● **Data shown**:
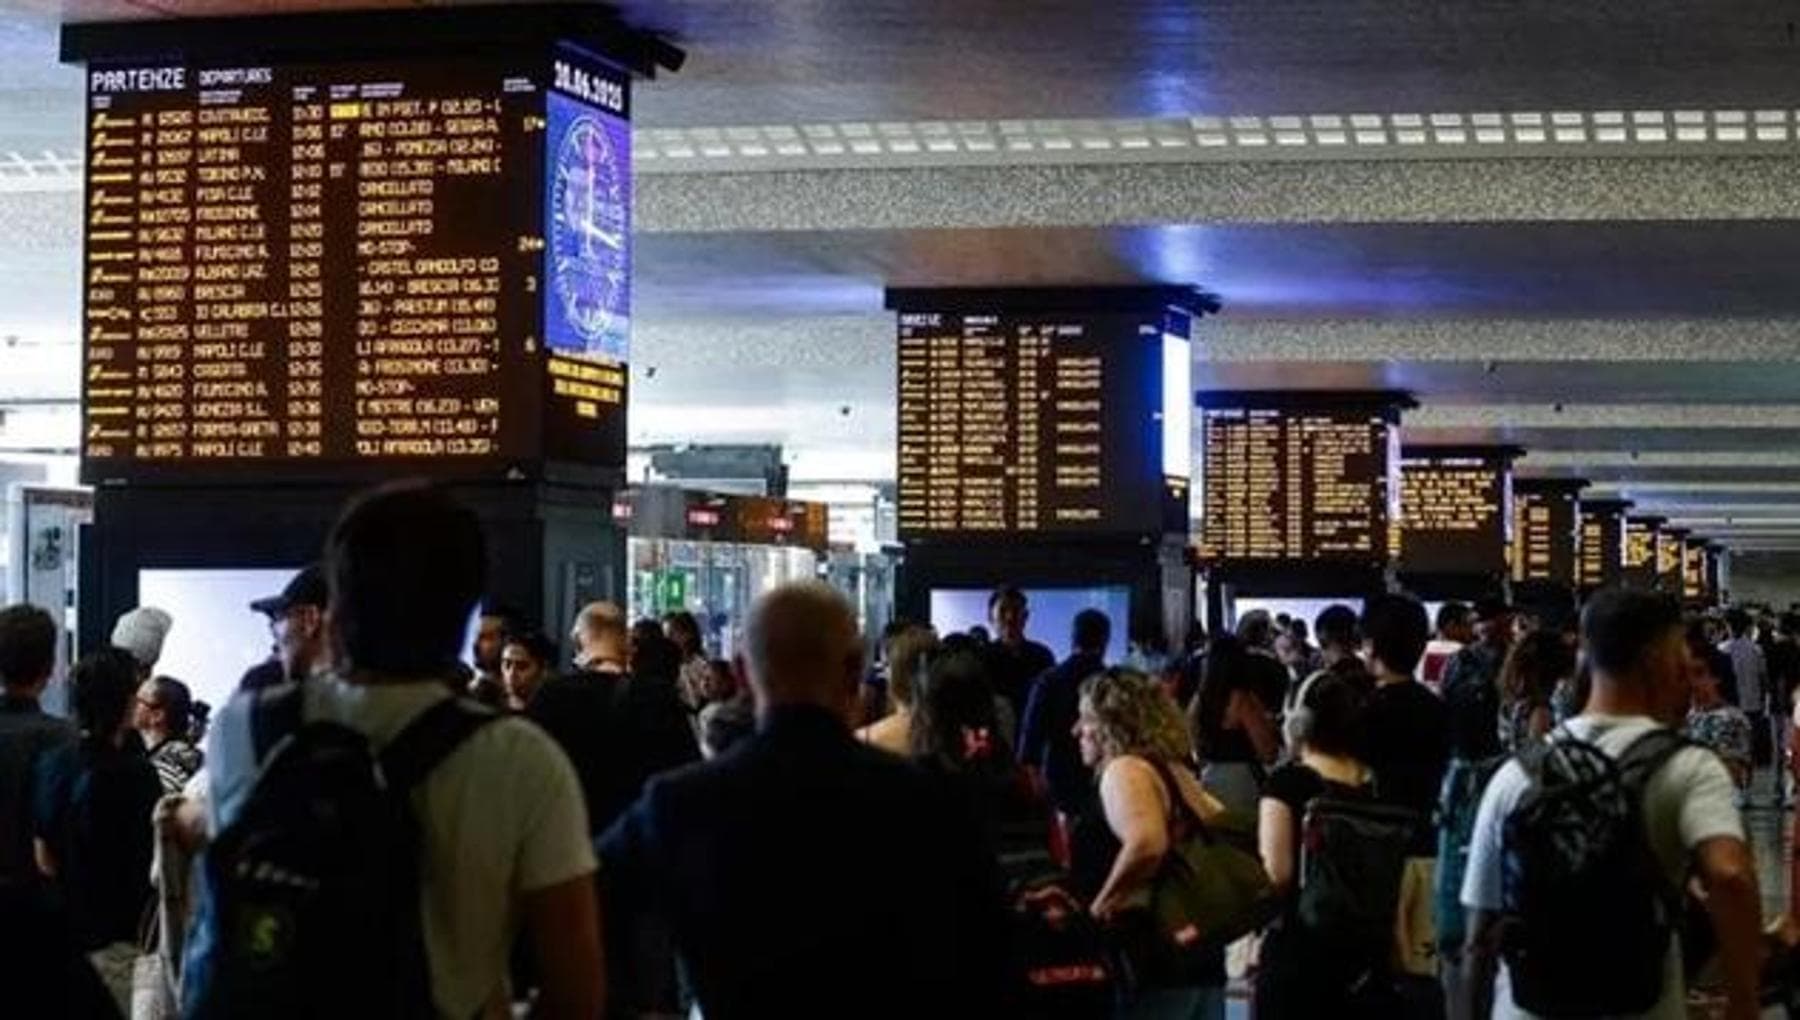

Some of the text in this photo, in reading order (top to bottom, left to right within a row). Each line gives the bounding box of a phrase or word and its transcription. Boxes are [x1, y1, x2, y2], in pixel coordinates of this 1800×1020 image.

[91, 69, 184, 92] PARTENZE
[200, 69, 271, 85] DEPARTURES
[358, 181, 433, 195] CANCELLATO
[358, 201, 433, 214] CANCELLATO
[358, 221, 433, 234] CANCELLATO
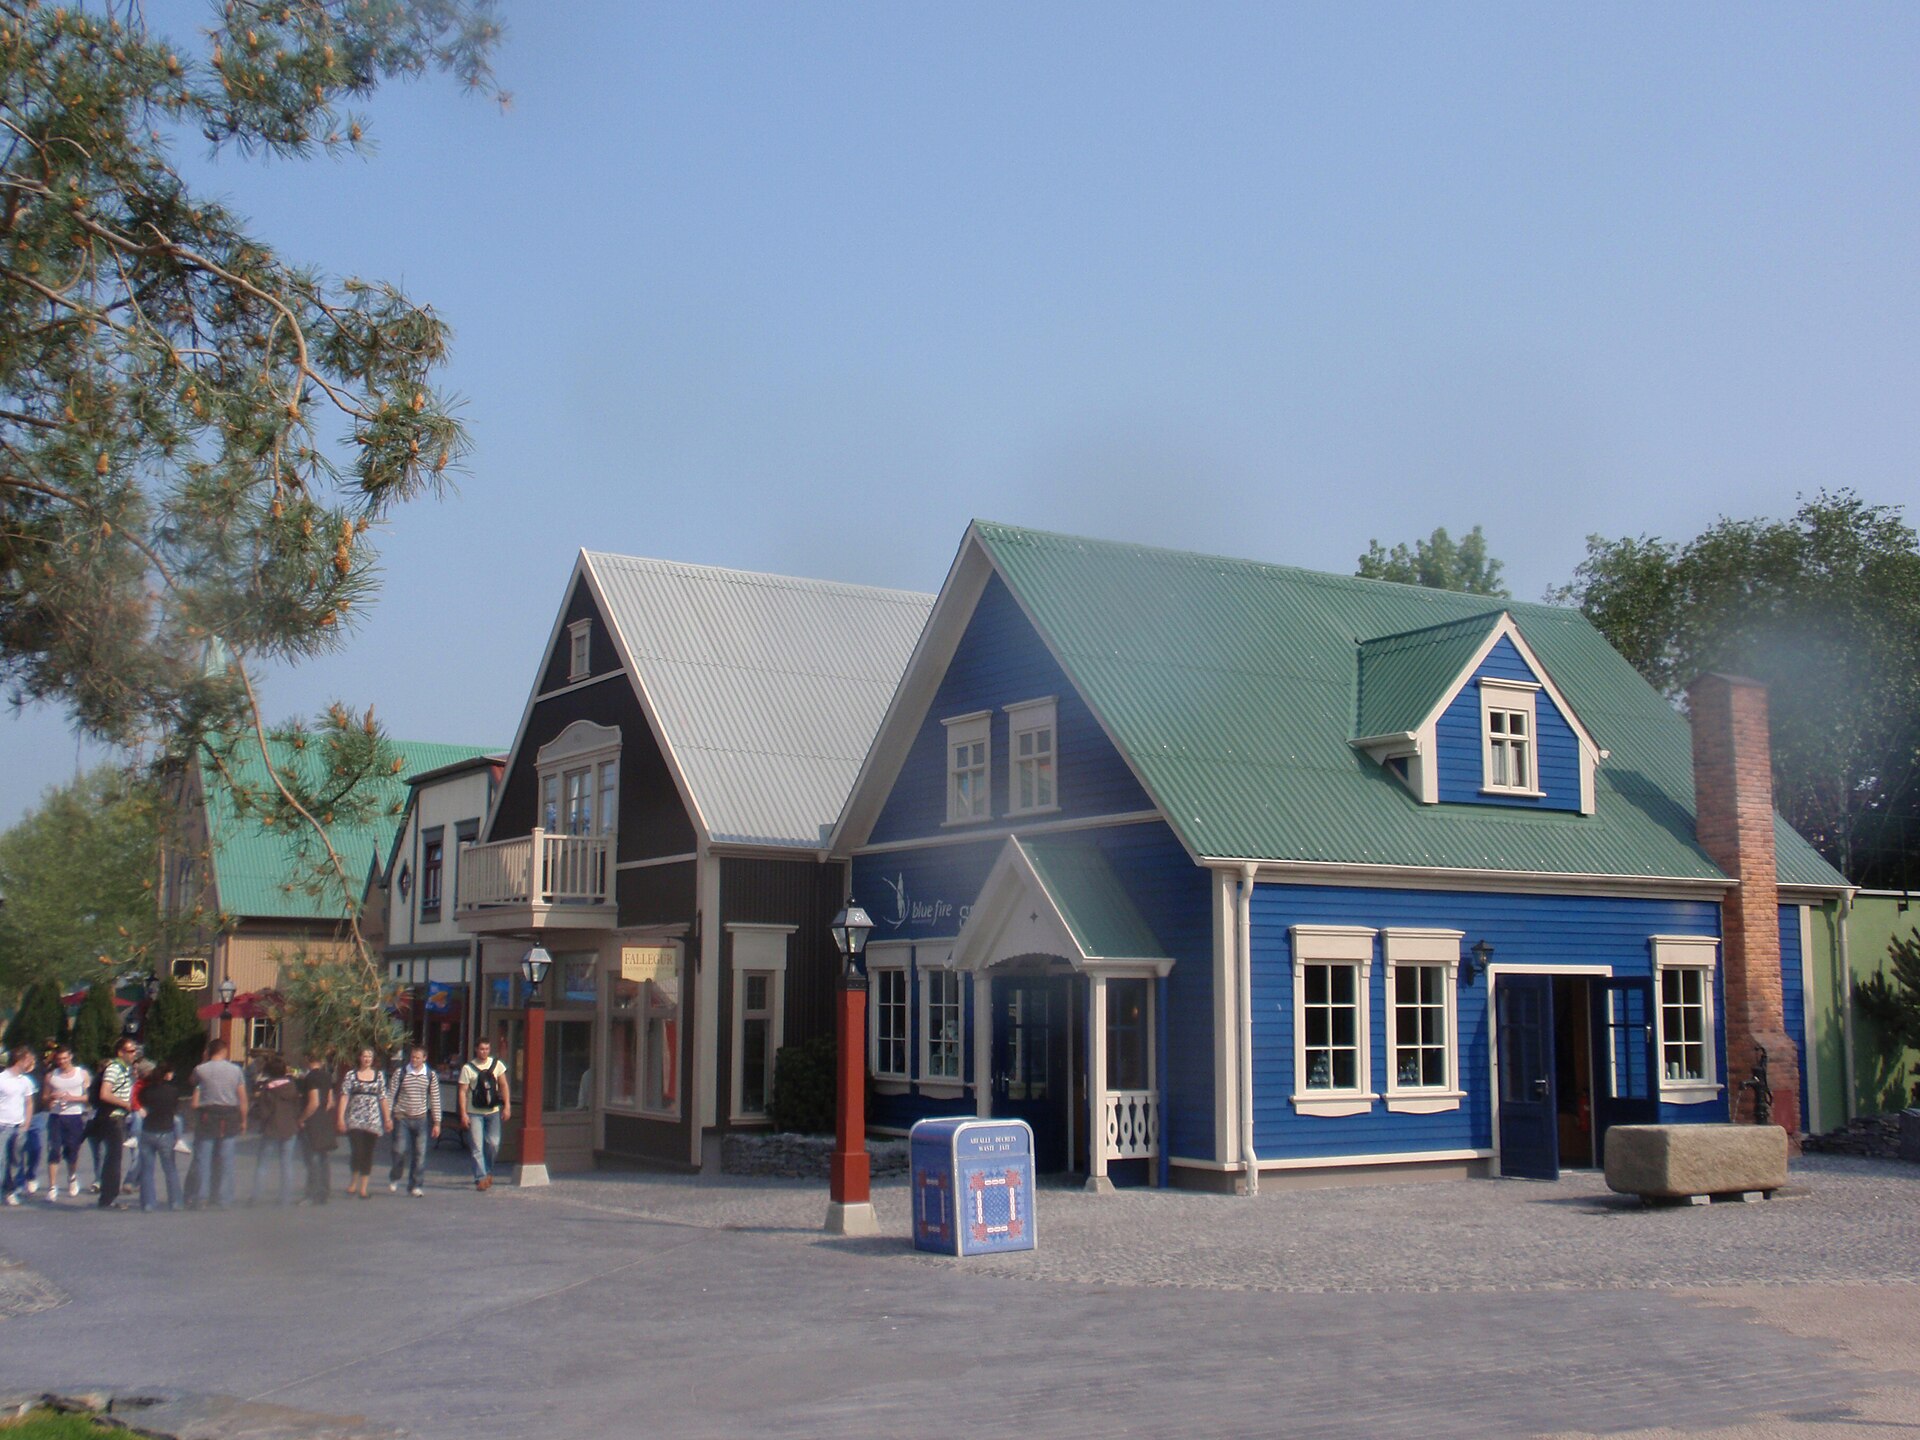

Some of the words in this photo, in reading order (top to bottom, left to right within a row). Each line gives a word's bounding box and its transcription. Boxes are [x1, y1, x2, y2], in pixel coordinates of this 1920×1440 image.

--

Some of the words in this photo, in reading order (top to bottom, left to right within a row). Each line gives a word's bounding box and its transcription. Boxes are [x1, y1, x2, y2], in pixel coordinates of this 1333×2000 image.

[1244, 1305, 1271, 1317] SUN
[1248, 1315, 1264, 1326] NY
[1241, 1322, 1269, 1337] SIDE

● **Description of the task**: What you write must match the listing exactly, from the line with "Some of the text" up to and including the line with "this 1920×1440 image.". Pictures stay out.

● **Answer to this exercise**:
Some of the text in this photo, in reading order (top to bottom, left to right within a row). Each line gives the bounding box of a phrase or word and its transcription. Boxes are [x1, y1, x2, y2], in pixel coordinates of this 1800×1020 image.

[91, 69, 184, 92] PARTENZE
[200, 69, 271, 85] DEPARTURES
[358, 181, 433, 195] CANCELLATO
[358, 201, 433, 214] CANCELLATO
[358, 221, 433, 234] CANCELLATO

Some of the words in this photo, in reading order (top to bottom, left to right within a row). Each line gives a word's bounding box and its transcription. Boxes are [x1, y1, x2, y2], in pixel coordinates of this 1920×1440 image.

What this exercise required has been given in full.